Le 7 décembre, un film intitulé «Maintenant. Où aller.» sort en salles, documentant de près l'échec des Verts aux élections fédérales de 2025 - cependant, du point de vue d'un supporter, rapporte le journal Die Welt. Le réalisateur Lars Jessen, ami de longue date de Robert Habeck, souhaite ainsi analyser les raisons du faible résultat électoral.

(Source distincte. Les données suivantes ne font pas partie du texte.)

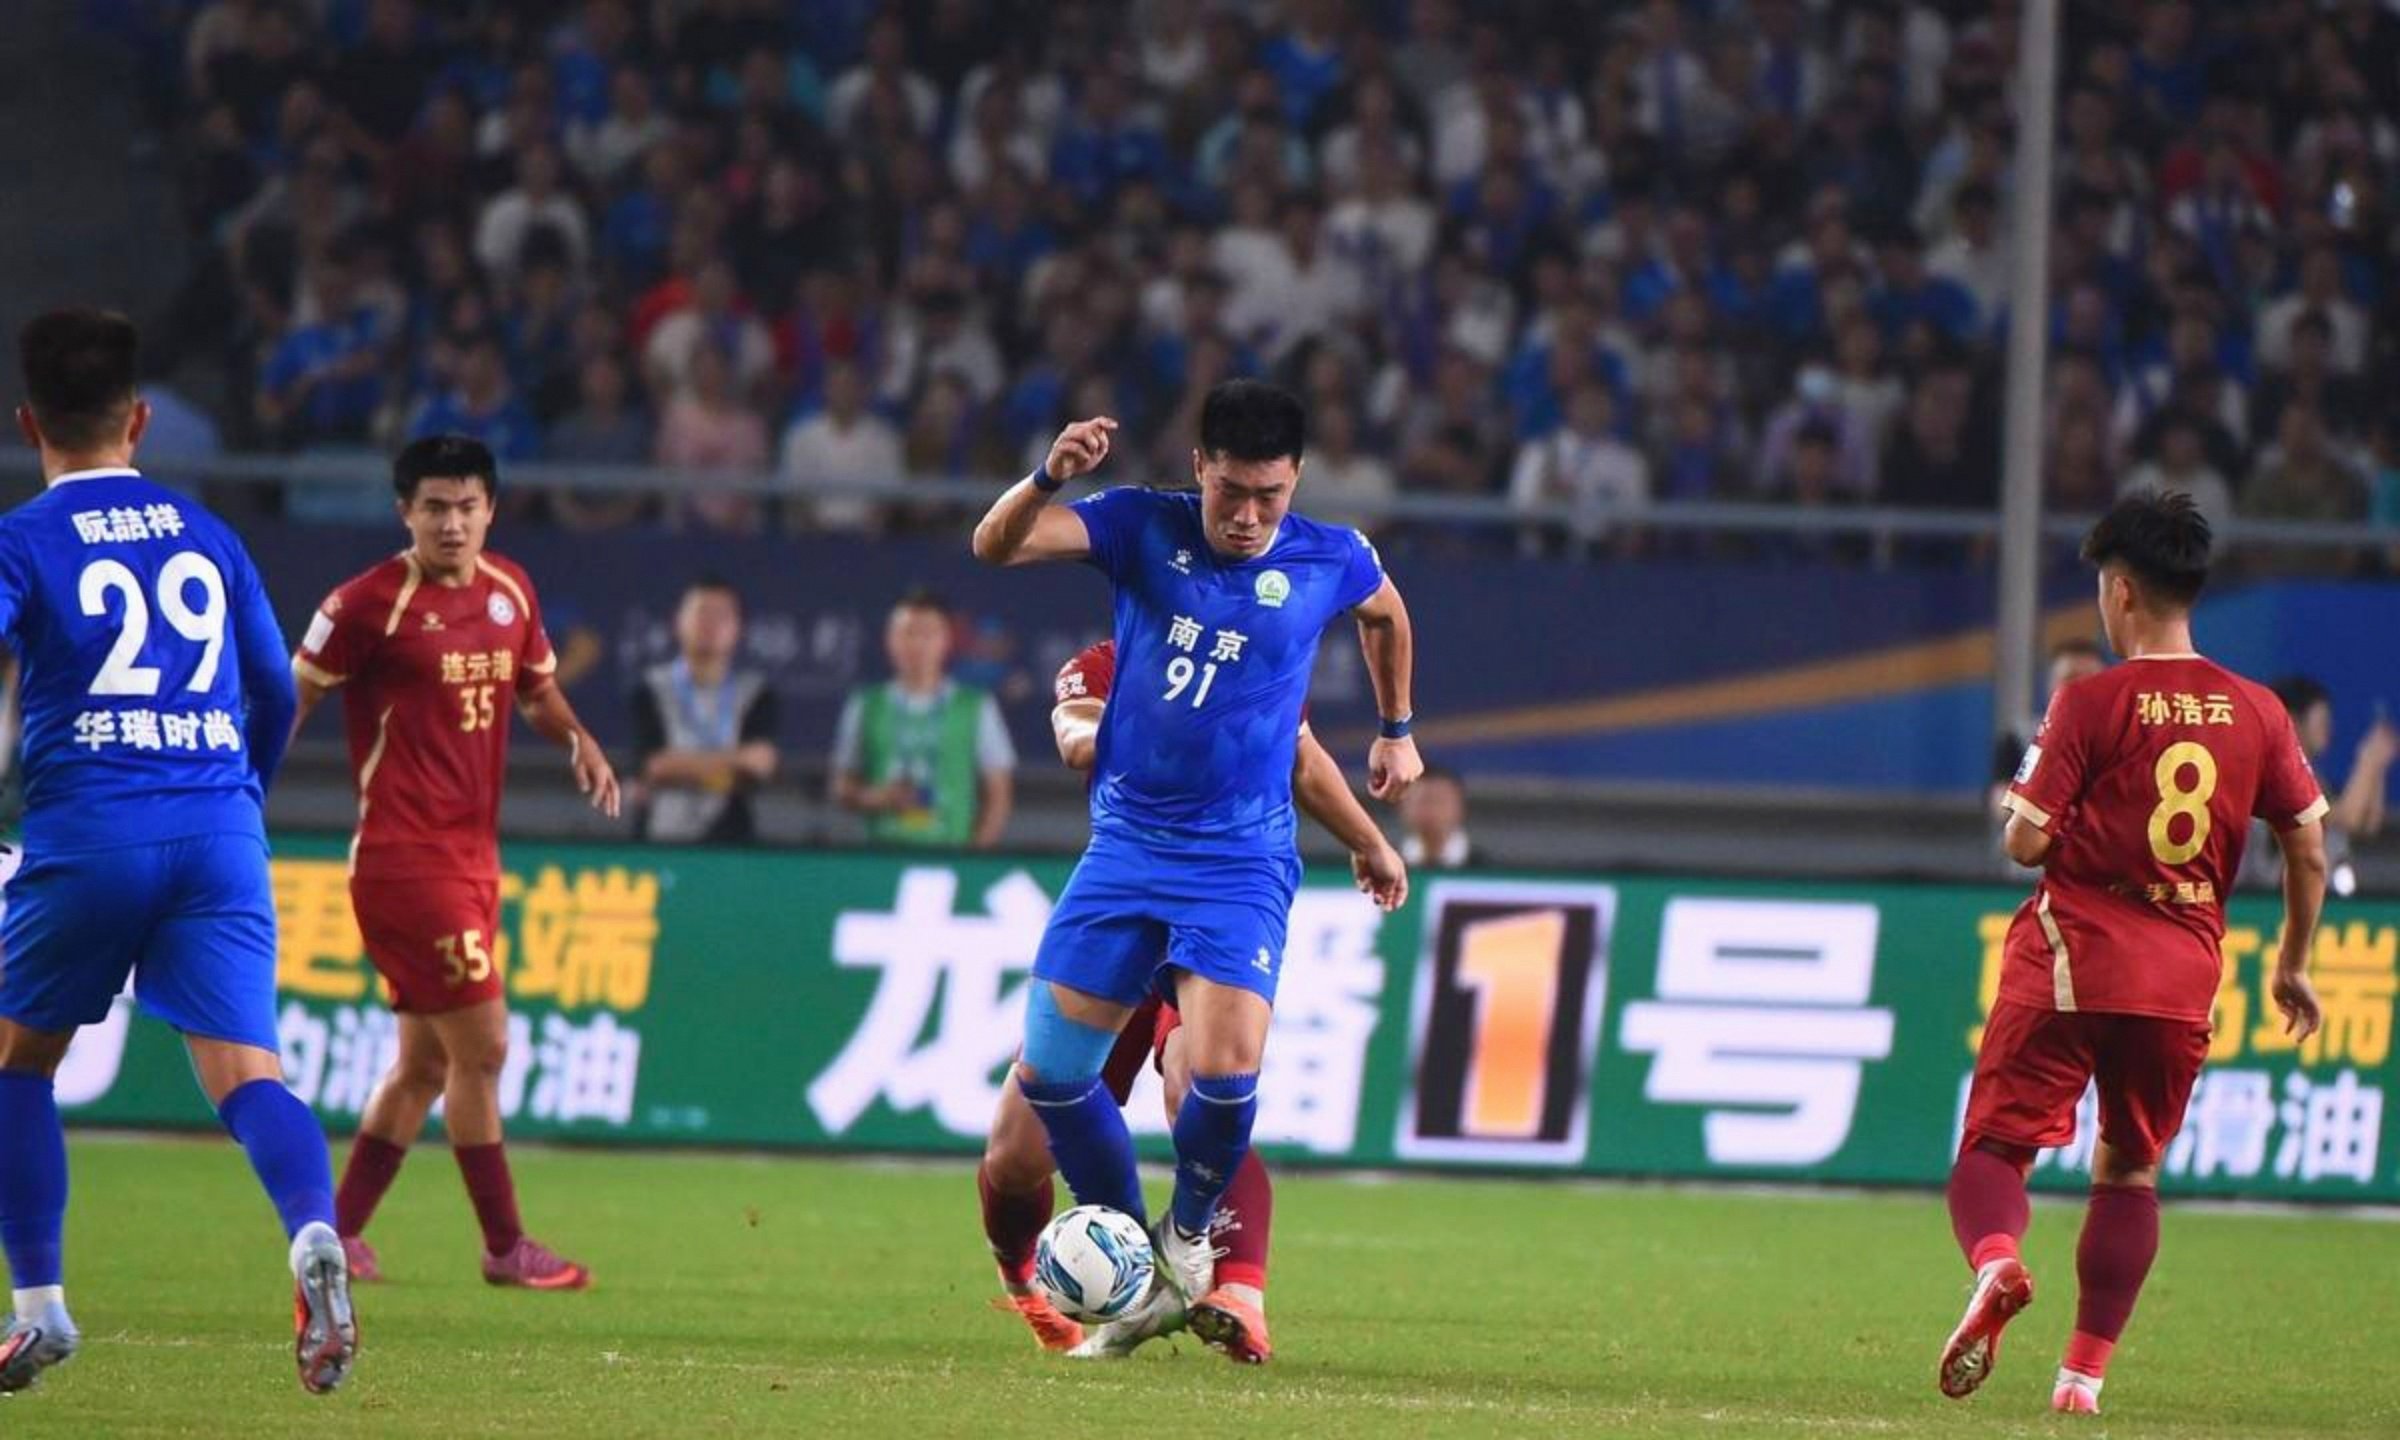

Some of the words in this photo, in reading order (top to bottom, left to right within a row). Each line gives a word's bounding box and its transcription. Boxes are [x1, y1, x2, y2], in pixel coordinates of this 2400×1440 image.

[71, 503, 184, 545] 阮喆祥
[78, 550, 226, 696] 29
[1166, 614, 1249, 662] 南京
[441, 649, 513, 684] 连云港
[1162, 655, 1217, 708] 91
[73, 708, 240, 752] 华瑞时尚
[460, 685, 495, 732] 35
[2137, 691, 2234, 726] 孙浩云
[2147, 740, 2218, 865] 8
[270, 858, 659, 1012] 更端
[434, 929, 491, 987] 35

En février, le parti n'a obtenu que 11,6 % - un résultat que beaucoup considèrent comme une lourde défaite.
Florida Film/Pandora Film
Jessen a accompagné Habeck pendant la campagne non seulement avec la caméra, mais aussi en tant que supporter: Avec le projet «Cuisine Verte», il a connecté des activistes, des personnalités médiatiques et des scientifiques comme Maja Göpel pour produire des contenus adaptés aux réseaux sociaux. Dans le film, Habeck est constamment présenté comme un politicien crédible et sincère - la distance critique manque largement, juge le Welt.
Au lieu de cela, des coupables externes sont recherchés: les médias, les adversaires politiques, le FDP, le journal Bild et même Elon Musk. La loi sur le chauffage est particulièrement présentée comme victime d'une campagne orchestrée. À un moment de réflexion, Habeck lui-même admet: « J'ai pris beaucoup de responsabilité sur moi. » Mais la critique dans le film est surtout dirigée contre des politiciens de la CDU comme Merz ou Spahn, qui auraient d'abord combattu, puis repris les plans de Habeck.

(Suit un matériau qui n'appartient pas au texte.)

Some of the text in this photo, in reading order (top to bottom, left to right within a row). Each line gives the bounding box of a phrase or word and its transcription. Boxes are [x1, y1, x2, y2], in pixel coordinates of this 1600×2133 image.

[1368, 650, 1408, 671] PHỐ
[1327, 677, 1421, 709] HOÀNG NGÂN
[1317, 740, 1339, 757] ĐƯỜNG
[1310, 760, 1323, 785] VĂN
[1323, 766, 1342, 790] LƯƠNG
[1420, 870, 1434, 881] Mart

La thèse centrale du film: ce n'est pas Habeck, mais le climat politique qui a décidé de l'élection. La migration et la sécurité dominaient le débat - un sujet où les Verts, selon le film, n'avaient aucune chance. Les talk-shows comme celui de Markus Lanz s’étaient, selon Jessen, trop concentrés sur certains actes de violence isolés.
Une vérité amère est exprimée par le musicien Jan « Monchi » Gorkow dans le film: « Habeck aurait pu faire ce qu'il veut. Les gens détestent profondément les Verts. » Le parti est devenu le symbole d'une politique morale arrogante.